Fast forward to 2022, the new woke Army is indicating that as of July, it had only hit 40% of its recruiting goals for the year, despite offering its largest recruitment bonus ever of up to $50,000 to those who sign on for a six-year active-duty enlistment.
Blaming low unemployment and the wide availability of jobs offering quality benefits and pay, the huge bonuses for enlisting in the Army are not as effective in bringing in qualified applicants as in years past.
According to a recent NBC report from a Defense Department survey, only 9% of young Americans eligible to serve in the military have any predisposition to do so.
That is a considerably small percentage of the population, granted Army Chief of Staff Gen. James McConville’s indication to Congress that only 23% of Americans ages 17-24 are qualified to serve without a waiver.
Army announces creation of Future Soldier Preparatory Course
A new program, which began in early August, is one way the Army is hoping to fill the ranks as it struggles with recruiting efforts that are expected to fall dramatically short of the goals this year.
Army officials have described the situation as dire, with some predicting the service may fall 10,000 to 15,000 soldiers short of its recruiting target on Oct. 1 , or as much as 18% to 25%.
One of those who is hoping this program will make a difference is Chaz Andrews. He has previously tried, but unsuccessfully, to join the Army since he was 19, but has failed the service’s academic test more than 10 times over the past decade.
Now, at age 29, Andrews thinks he has a real shot to pass, thanks to the new program that gives lower-performing recruits up to 90 days of academic or fitness instruction to help them meet military standards.
“I didn’t want to give up on it,” he said during a recent break in his classroom schedule at Fort Jackson, where he is one of more than 300 recruits who have been allowed to enlist in the new Army prep course. And if Andrews, who is from Brooklyn, New York, is able to raise his test score, he will be allowed to continue on to basic training.
Daysia Holiday, 23, said her goal is to become a Green Beret. She’s taken the academic test and failed three times in the past two years, and sees this as her best chance. Holiday, of Baton Rouge, Louisiana, said many of her peers didn’t make it out of high school, with some “dead or in jail,” and she wants to set an example for her five younger siblings.

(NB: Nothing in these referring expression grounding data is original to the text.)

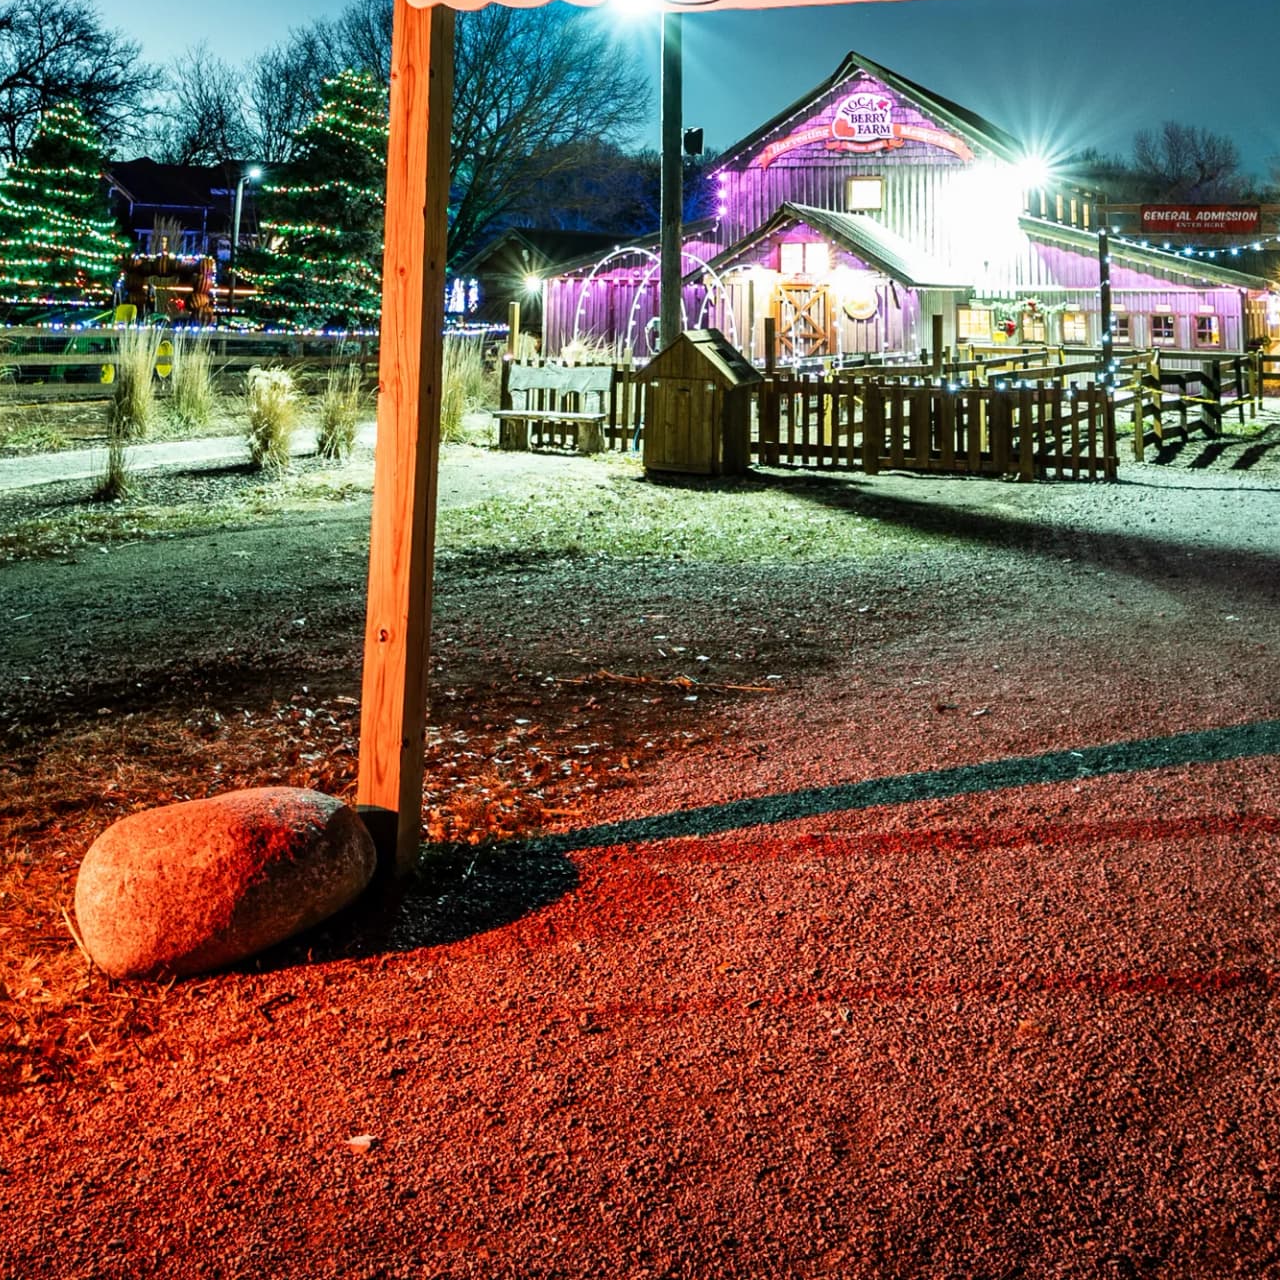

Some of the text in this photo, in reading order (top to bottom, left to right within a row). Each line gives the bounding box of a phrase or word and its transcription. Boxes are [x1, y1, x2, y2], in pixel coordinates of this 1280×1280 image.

[842, 97, 877, 116] ROCA
[851, 109, 888, 123] BERRY
[857, 124, 892, 136] FARM
[1144, 211, 1258, 221] GENERAL ADMISSION
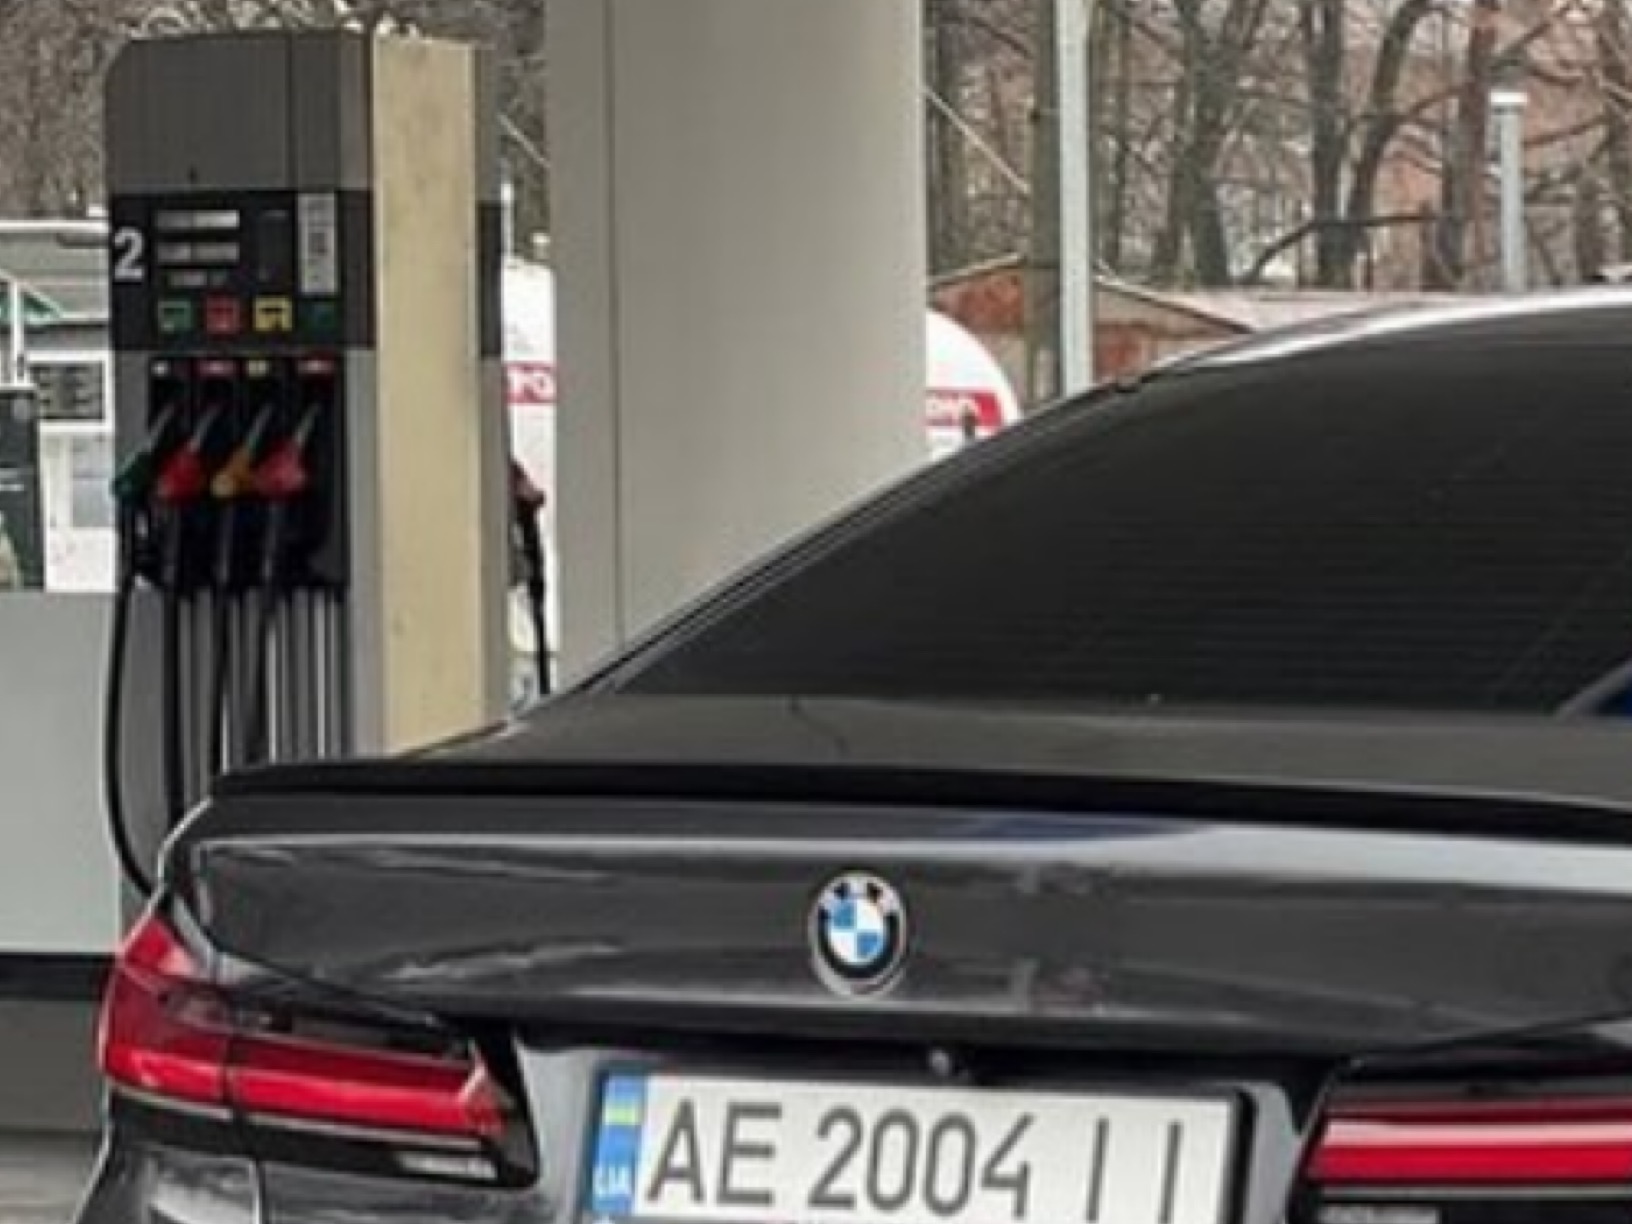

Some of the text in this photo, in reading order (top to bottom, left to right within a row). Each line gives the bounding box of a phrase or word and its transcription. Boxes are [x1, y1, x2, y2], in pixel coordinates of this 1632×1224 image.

[114, 228, 144, 279] 2
[646, 1100, 782, 1206] AE
[808, 1107, 1034, 1221] 2004

Army Chief of Staff Gen. James McConville suggested that the Army will not reduce its standards in order to onboard more recruits.

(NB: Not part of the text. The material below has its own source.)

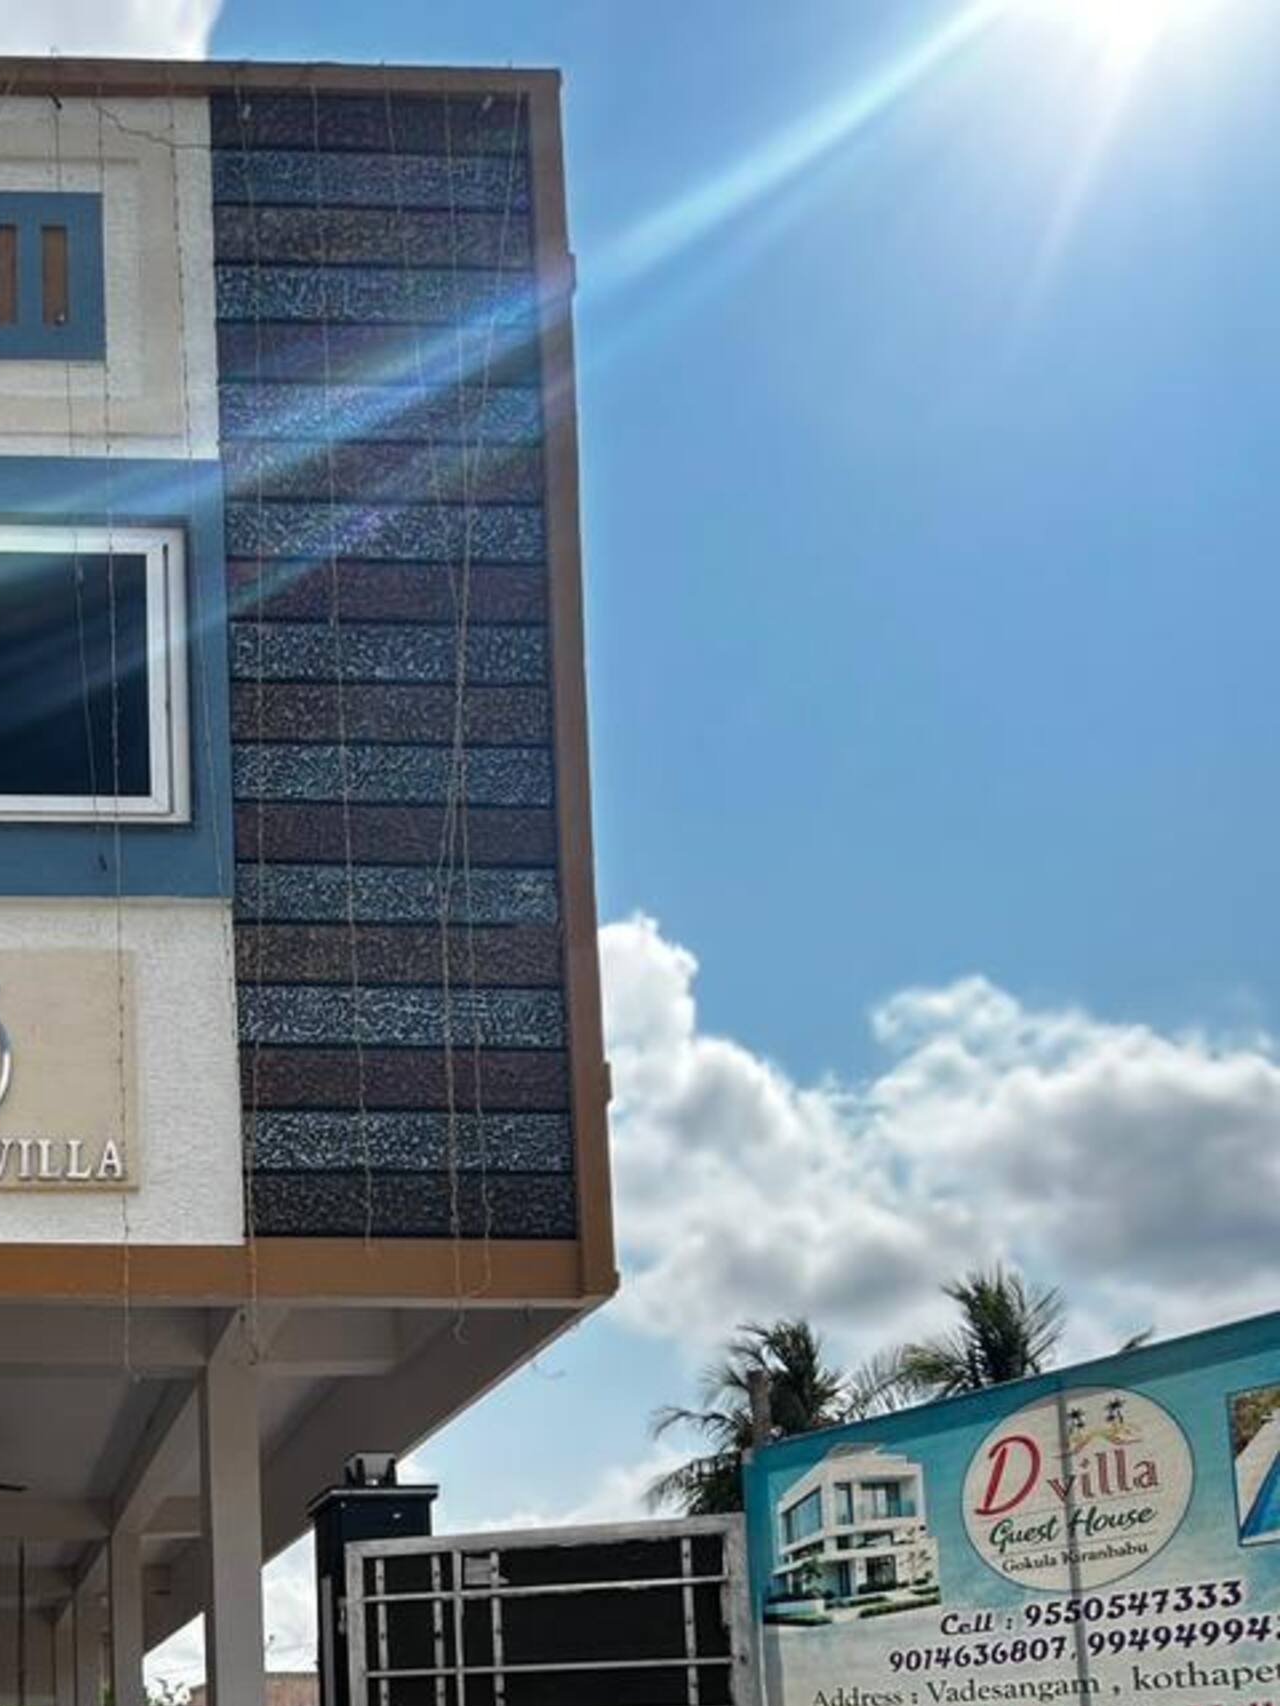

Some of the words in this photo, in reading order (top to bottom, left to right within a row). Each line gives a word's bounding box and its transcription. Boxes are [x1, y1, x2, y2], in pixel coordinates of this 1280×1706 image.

It will, however, do more to improve the caliber of those willing but presently unable to serve. “We have some young men and women that want to serve, that have some challenges on the academic and physical side here,” McConville said on Friday at Fort Jackson. “And what we want to do is give them that opportunity.”
Military officials, who spoke on condition of anonymity because the totals are preliminary and could change, said the initial recruiting goal was as much as 60,000 this year, but more realistic expectations later put it at about 55,000.
With one month to go, officials are predicting they will come in about 45,000, though it could get better if there is a surge at the end.
Gen. James McConville, the Army chief, traveled to Fort Jackson on Friday for a firsthand look at the pilot program. He and others have acknowledged the recruiting problems and say they are due to a confluence of events and conditions.